在这项合作的观察性队列研究中,我们使用了来自 17 个欧洲和北美艾滋病毒队列的数据,这些队列向抗逆转录病毒治疗队列协作组织提供了数据。我们纳入了年龄在 16 岁及以上,于 1996 年至 2020 年期间开始接受 ART 的艾滋病毒感染者的数据。死因通过临床医生和算法进行单一病因分类(如果有国际疾病分类第 9 版或第 10 版数据),或由两名临床医生独立进行分类。通过小组讨论解决分歧。我们使用泊松模型比较了在 1996-99 年、2000-03 年、2004-07 年、2008-11 年、2012-15 年和 2016-20 年期间,根据时间更新的年龄、CD4 计数以及每个时期是否为初次接受 ART,进行调整后的特定病因死亡率。

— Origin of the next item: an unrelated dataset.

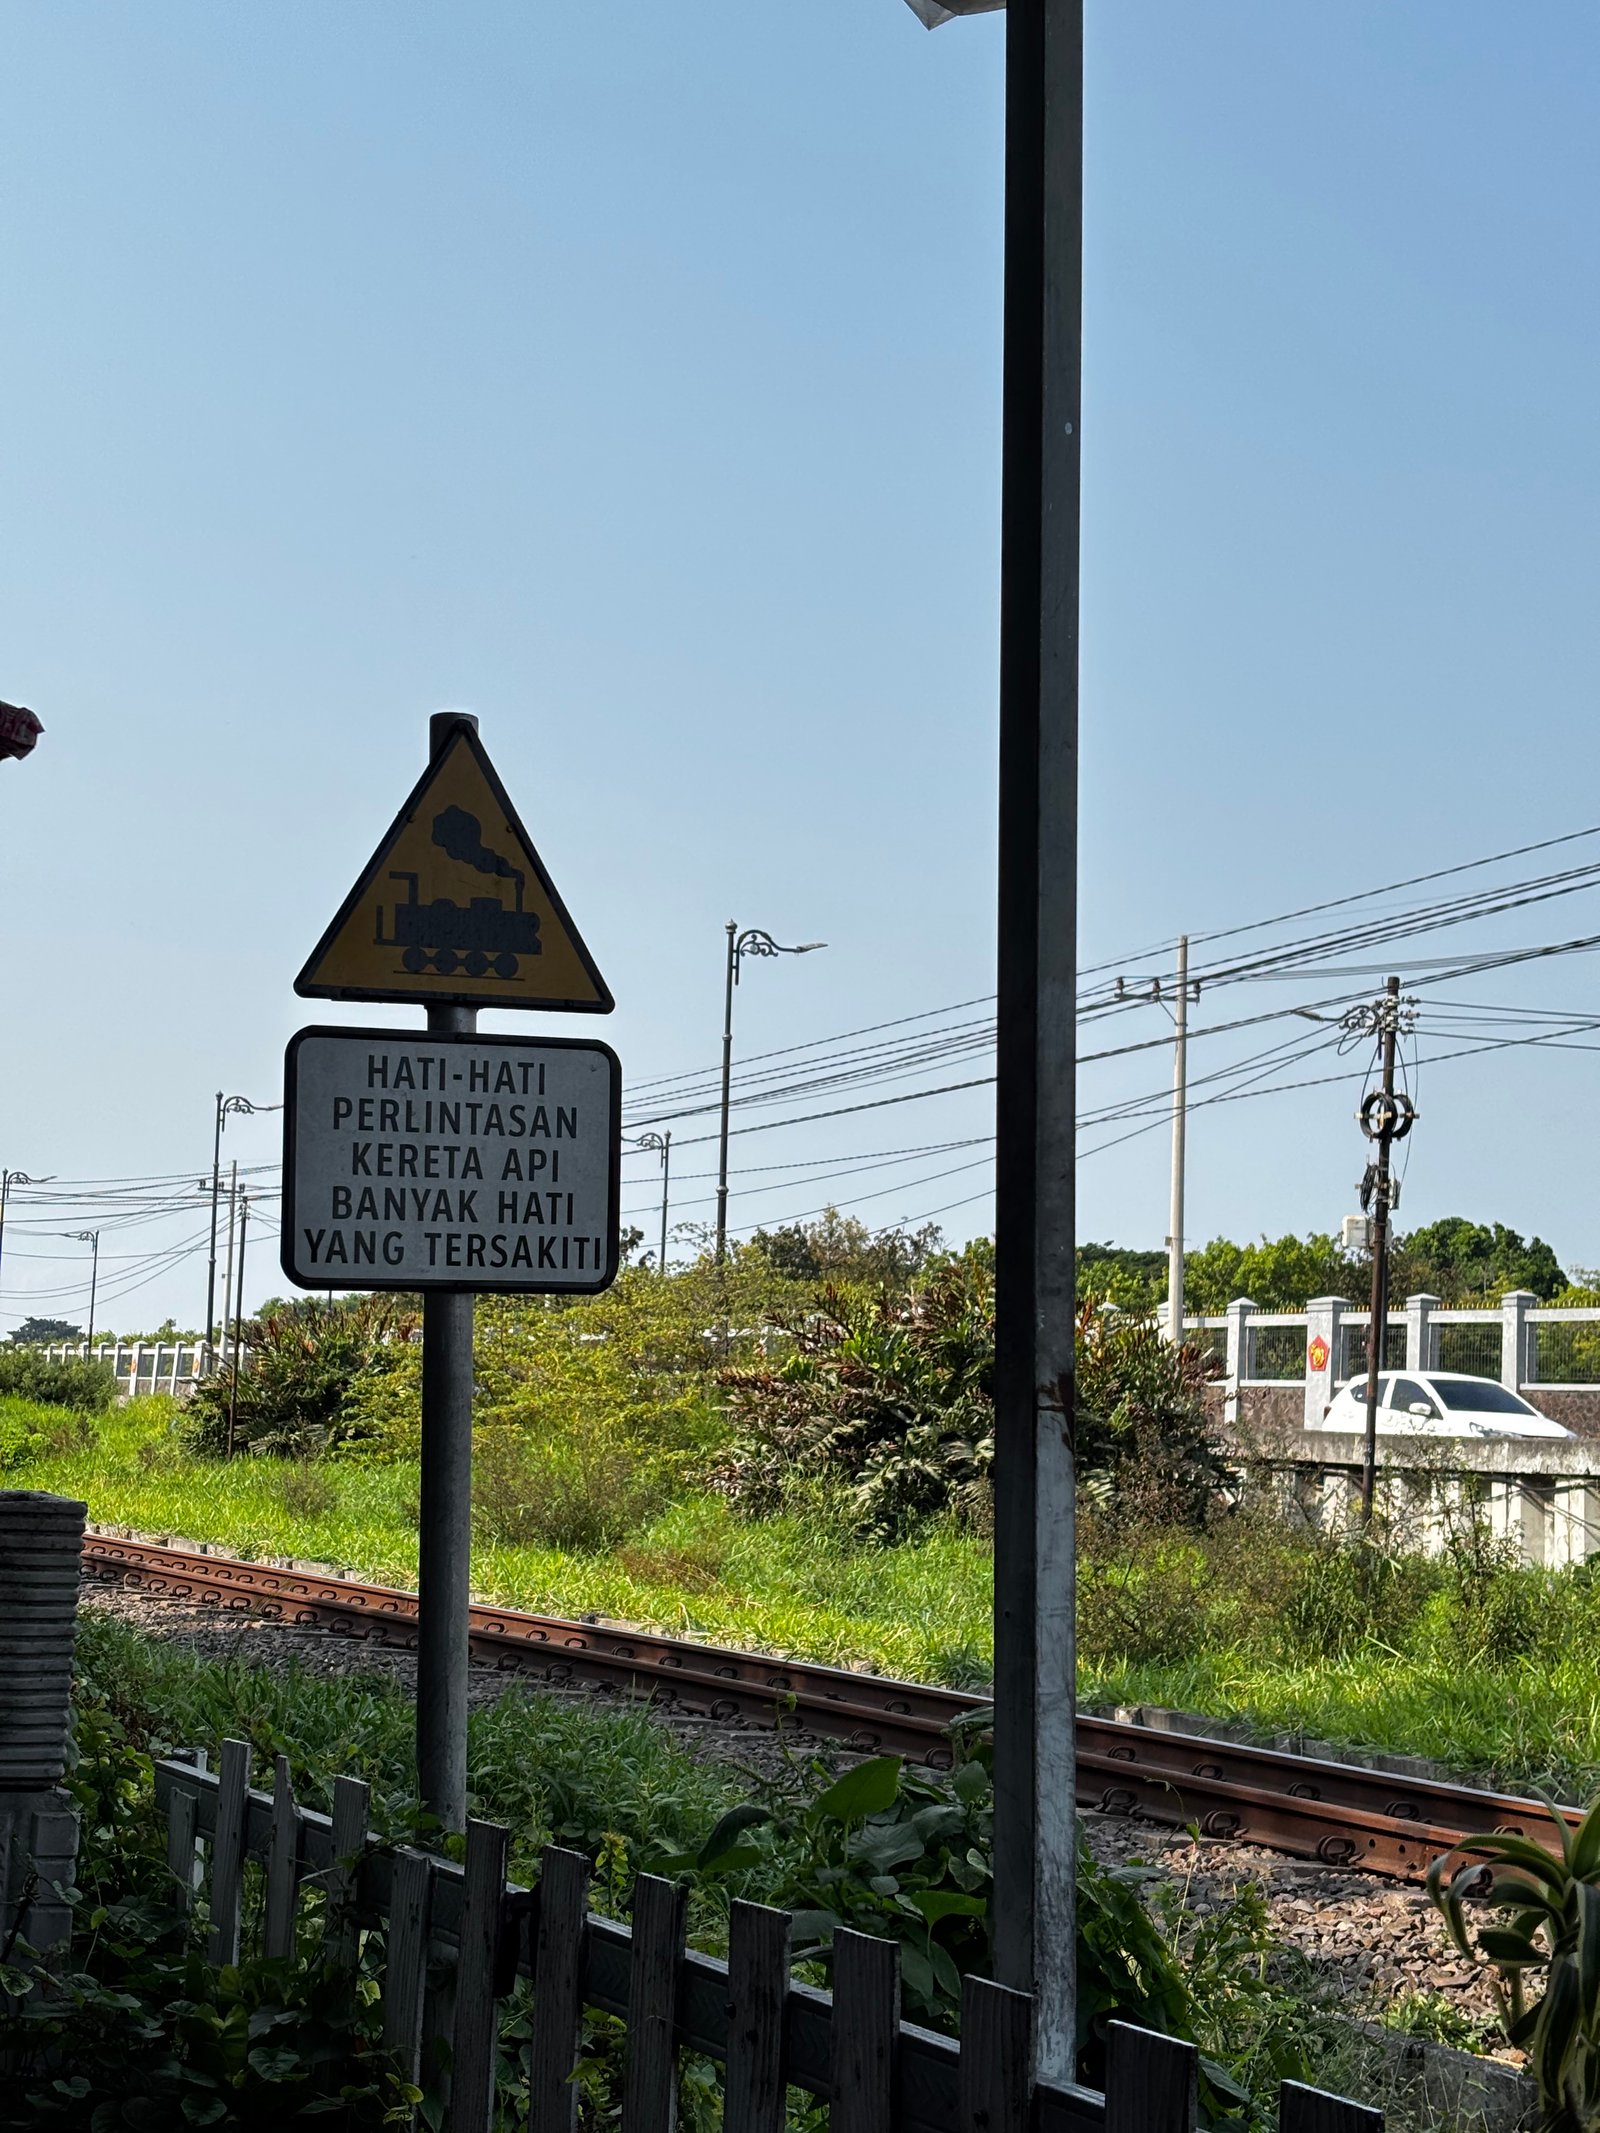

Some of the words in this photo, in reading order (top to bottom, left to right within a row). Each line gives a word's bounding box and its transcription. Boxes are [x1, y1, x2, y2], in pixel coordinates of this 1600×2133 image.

在这项研究中,纳入了 189301 名艾滋病毒感染者,在 1519200 人年的随访期间记录了 16832 例死亡。13180 例(78.3%)死亡归因于病因:最常见的死因是艾滋病(4203 例;25.0%)、非艾滋病非肝炎恶性肿瘤(2311 例;13.7%)和心血管或心脏相关(1403 例;8.3%)死亡。由于艾滋病导致的死亡比例从 1996-99 年的 49%下降到 2016-20 年的 16%。每 1000 人年的全因死亡率从 1996-99 年的 16.8 例(95%CI 15.4-18.4)下降到 2016-20 年的 7.9 例(7.6-8.2)。全因死亡率随时间下降:每个日历期间的平均调整死亡率比值为 0.85(95%CI 0.84-0.86)。特定病因死亡率也下降:艾滋病相关死亡率下降最为明显(0.81;0.79-0.83)。心血管相关死亡率(0.83;0.79-0.87)、肝脏相关死亡率(0.88;0.84-0.93)、非艾滋病感染相关死亡率(0.91;0.86-0.96)、非艾滋病非肝癌恶性肿瘤相关死亡率(0.94;0.90-0.97)和自杀或意外相关死亡率(0.89;0.82-0.95)也有所下降。通过注射吸毒感染艾滋病毒的人群的死亡率在女性中有所增加(1.07;1.00-1.14),在男性中略有下降(0.96;0.93-0.99)。
接受 ART 的艾滋病毒感染者中,大多数主要死因的死亡率,特别是艾滋病相关死亡率的下降,并未在所有亚组中出现。针对高危人群、物质使用和合并症的干预措施可能会进一步提高艾滋病毒感染者的预期寿命,使其接近普通人群。
美国国家酒精滥用和酒精中毒研究所。